Let’s put these findings in perspective. The national student loan default rate is 7 percent, which is the highest it has been since 1997, according to the U.S. Department of Education. Yet of the 105 recognized HBCUs that are either four-year public schools, four-year private schools, or two-year public schools, 50 HBCUs have student loan default rates of 10 percent or higher.
In response to the national 7 percent default rate, U.S. Secretary of Education Arne Duncan said: "This data confirms what we already know: that many students are struggling to pay back their student loans during very difficult economic times. That's why the Administration has expanded programs like income based repayment and Pell grants to help students in financial need."
If the national student loan default rate is of concern, the default rate among HBCUs is at crisis-level—for the entire HBCU system and its graduates.
The problem is multi-faceted. First, graduates may not be in the position to pay back their loans because many are remaining unemployed due to the bad job market. And, of course, unemployment hinders borrowers from paying off loans.
And even college-educated Blacks are unemployed at a higher rate than whites. The Economic Policy Institute (EPI), estimates that this year the unemployment rate for Black workers with bachelor's or higher degrees is on track to be the highest since 1979. In 2007, the unemployment rate for college-educated Blacks was 1.6 times the rate for college-educated whites. This year it is two times the rate for college-educated whites.
Posted By: David Johnson
Sunday, November 28th 2010 at 11:07PM
there are employed graduates who are defaulting simply because they aren’t taking personal responsibility for their debt.

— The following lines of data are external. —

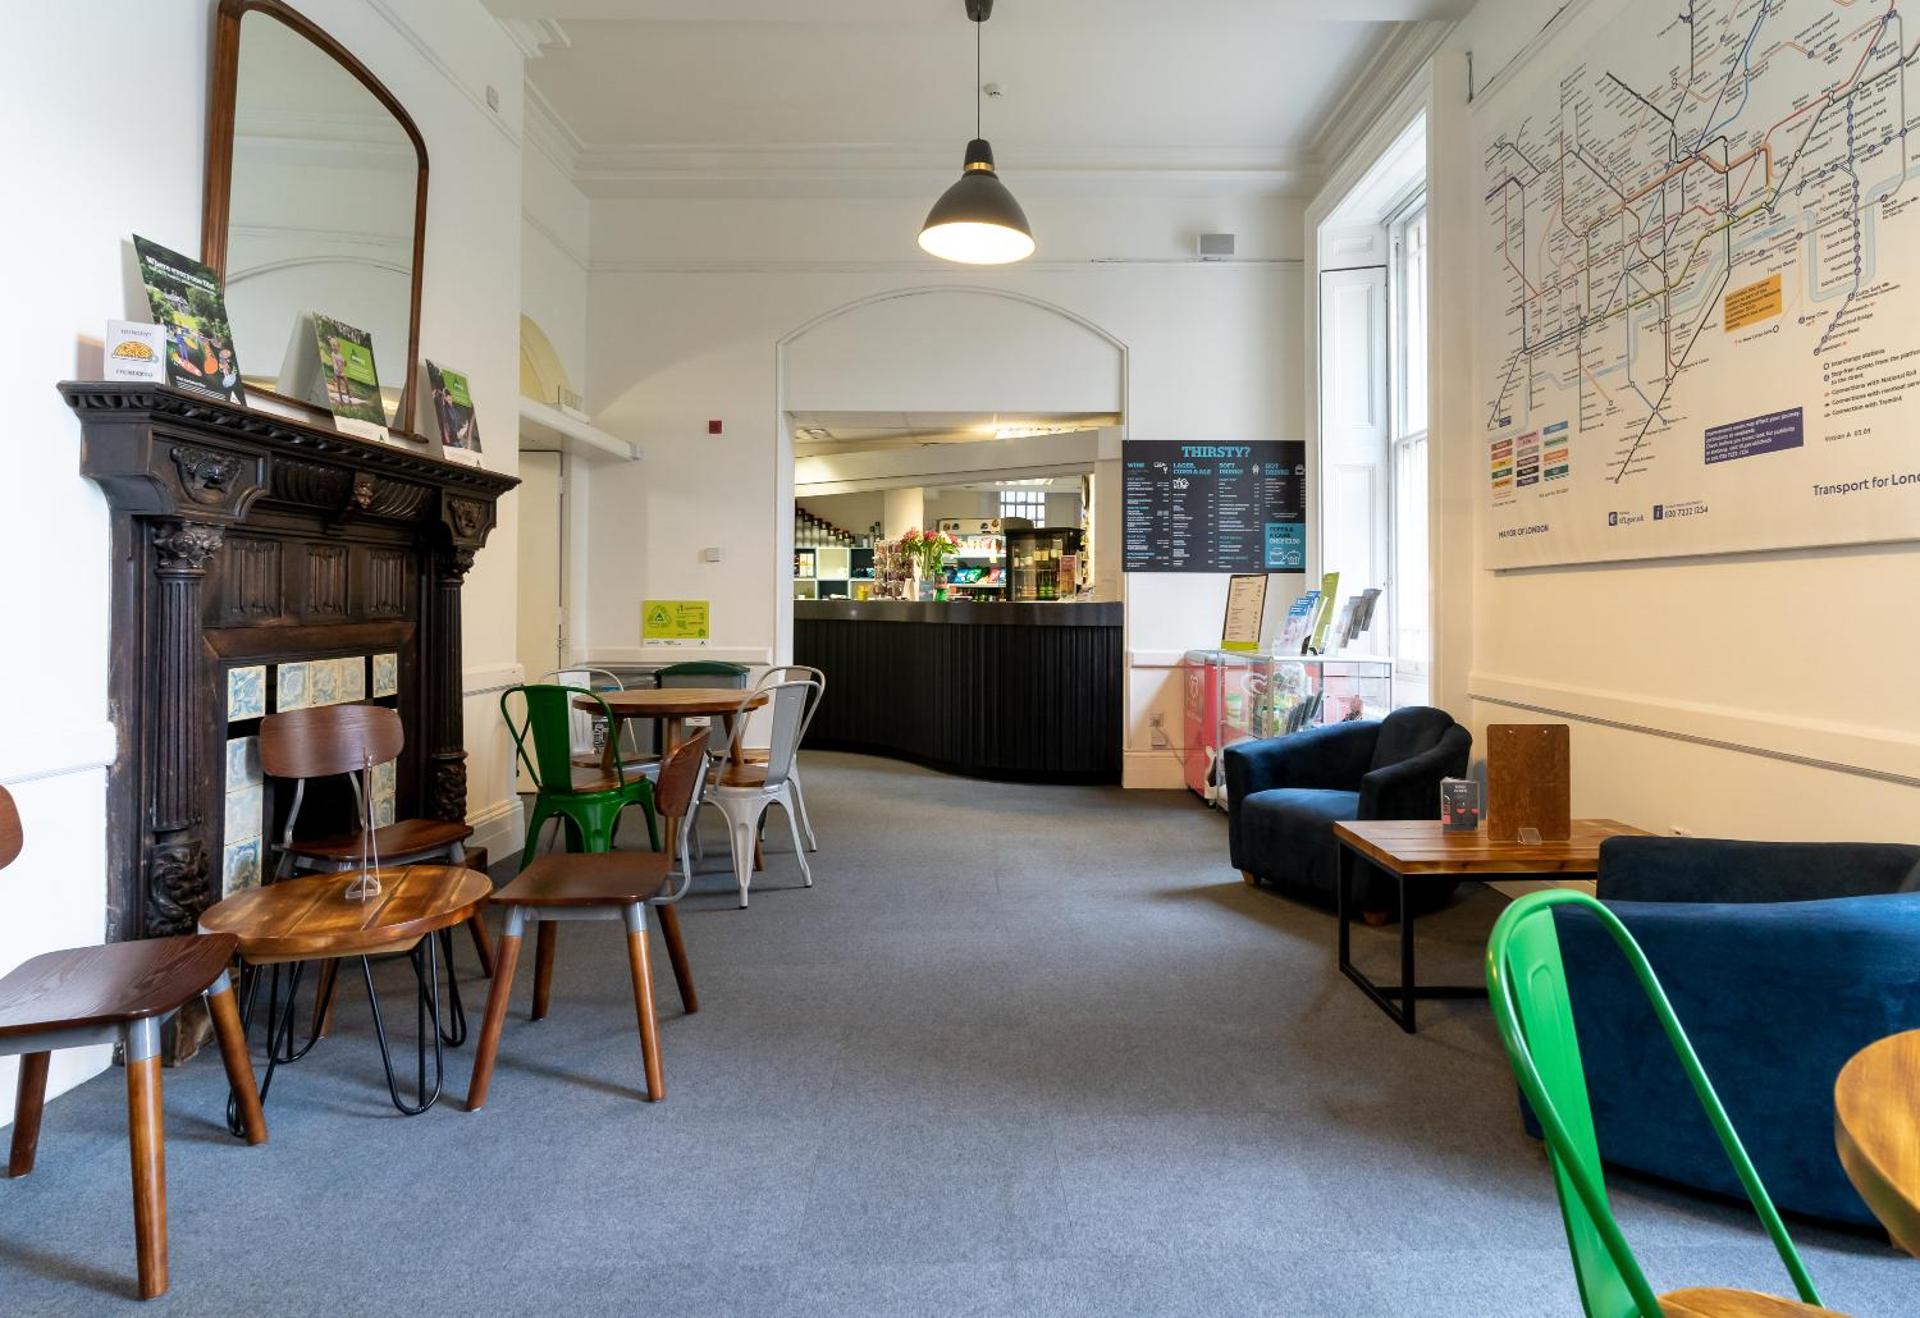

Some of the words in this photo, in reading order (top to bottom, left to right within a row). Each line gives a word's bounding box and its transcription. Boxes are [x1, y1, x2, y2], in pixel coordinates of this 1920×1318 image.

[1181, 446, 1251, 458] THIRSTY?
[1813, 479, 1870, 496] Transport
[1872, 476, 1889, 488] for
[1498, 528, 1516, 540] MAYOR
[1517, 527, 1525, 536] OF
[1525, 523, 1549, 535] LONDON

When money gets tight, the first bill to often go unpaid is the student loan. But borrowers must remember that if their personal finances totally collapse, federal student loans can’t be discharged in a bankruptcy. Also, there are many dangers in defaulting on student loans, including making borrowers:
* ineligible to receive further federal aid
* less likely to get loans, credit cards and jobs
* subject to higher interest rates
* subject to the government taking repayment money from their paychecks and taxes
iWhile it is the responsibility of graduates to take their repayment of loans seriously, HBCUs also have a responsibility to keep their default rates down. All schools should assume the responsibility of increasing borrower awareness of their obligations. Further, schools should be held accountable for exorbitant default rates, especially if they are paired with low graduation rates.

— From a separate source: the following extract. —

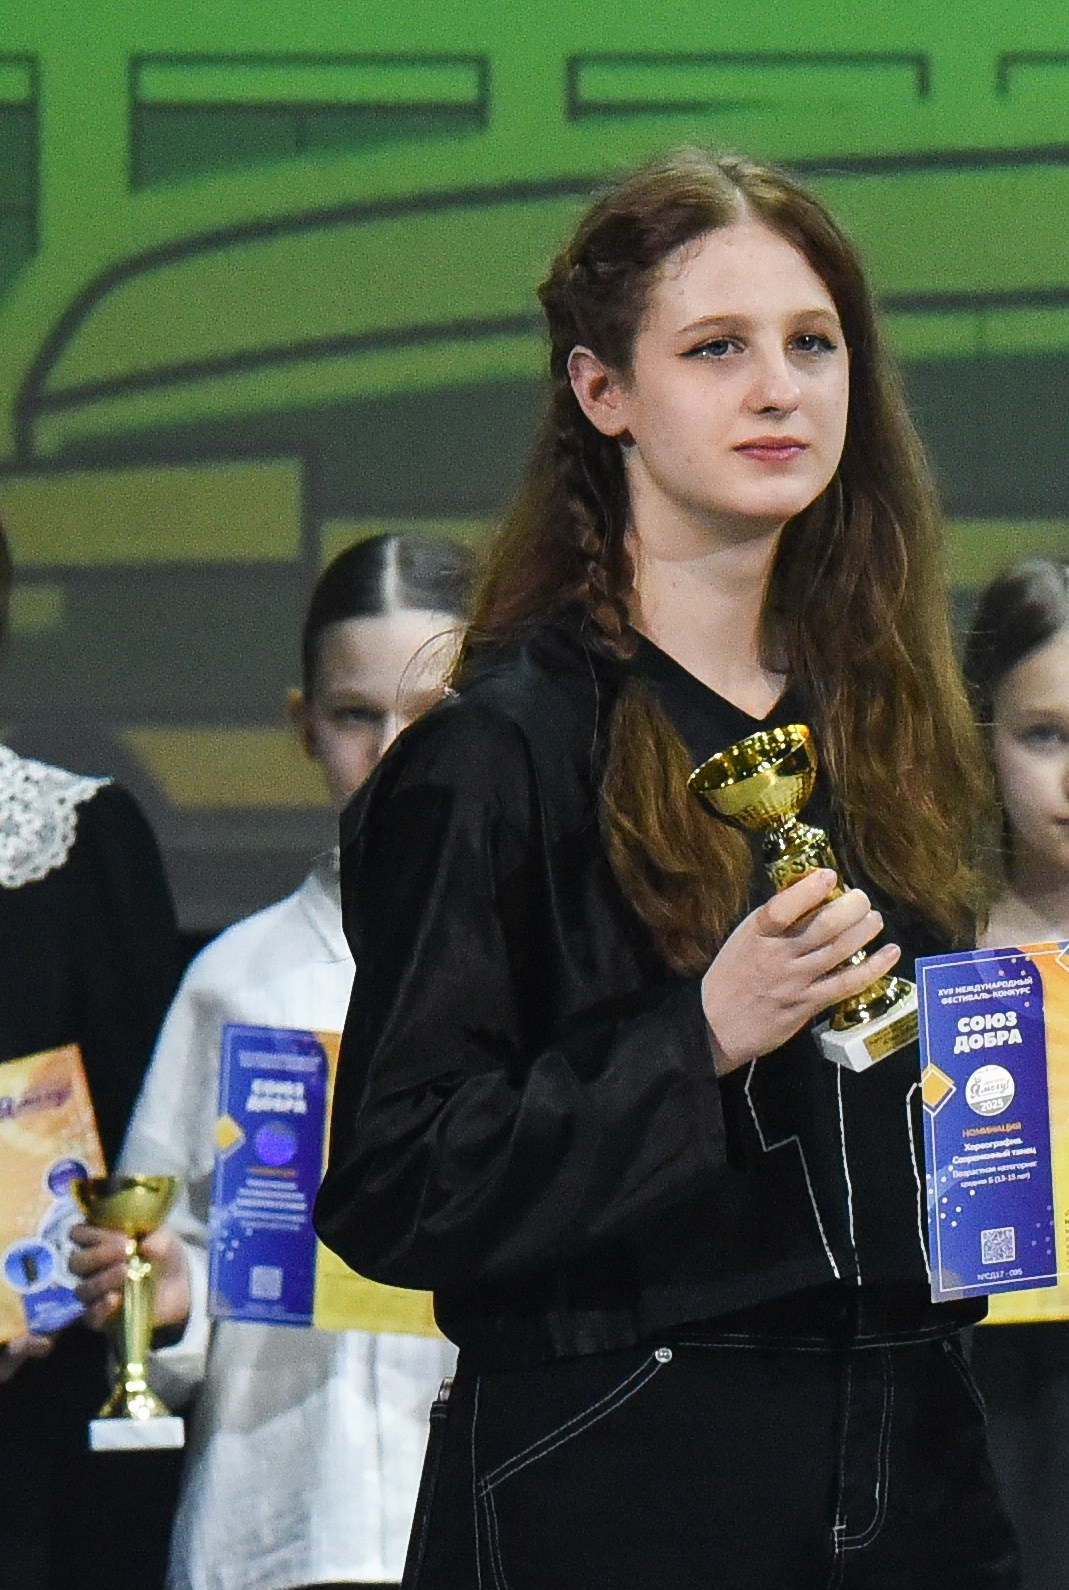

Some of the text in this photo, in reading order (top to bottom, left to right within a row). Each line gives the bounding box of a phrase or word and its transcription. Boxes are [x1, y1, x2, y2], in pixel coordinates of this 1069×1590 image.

[957, 1011, 1017, 1033] СОЮЗ
[953, 1028, 1023, 1055] ДОБРА
[980, 1099, 1004, 1112] 2025

Under current federal rules, all schools with default rates of 25 percent or greater for three consecutive years face loss of eligibility in the federal student aid programs. Schools with a default rate greater than 40 percent in the latest year may lose eligibility to participate in the federal loan programs.
According to CollegeMeasures.org, the school with the highest student loan default rate in the U.S.— at 34.6 percent—is the southern Arizona campus of the for-profit University of Phoenix. For-profit universities such as the University of Phoenix typically have higher default rates because they attract lower-income students who struggle to repay loans even while it’s unclear if degrees from these for-profit schools improve their employability.
Among schools with the highest student loan default rates, second place goes to Talladega College. Founded in 1867, Talladega is Alabama’s oldest private historically Black liberal arts college. The school has 339 students, of which 68 percent receives federal aid. Talladega has a 23 percent graduation rate and a 29.4 percent student loan default rate. The school charges the same tuition for in-state and out-of-state students—$6,700, according to CollegeMeasures.org.
While the Obama administration has developed new rules to address concerns about for-profit colleges and universities, maybe special attention needs to be paid to HBCUs. I believe it’s time to rationalize the number of HBCUs around the country and have a deep discussion about whether all of them are still fulfilling their purpose of educating students and properly preparing them for the real world.
Yes, such a discussion may lead to mass closings and consolidations of HBCUs that underachieve—as well it should. Alabama, for example, has 15 HBCUs—two four-year public (Alabama A&M University and Alabama State University); seven four-year private schools, and six two-year public schools.
Is every one of these schools necessary? Do they have acceptable graduation rates? Do they have acceptable ratios of student loan payments to earnings? Are they graduating students equipped to succeed in the 21st-century economy? These same questions should be asked of every other HBCU in the country—starting with the 50 schools with student loan default rates of 10 percent or higher.
Aside from romantic notions of the “Black college experience” and the very legitimate concern of valuable history being lost, it’s time to take a hard look at HBCUs and decide if drastic measures need to be taken.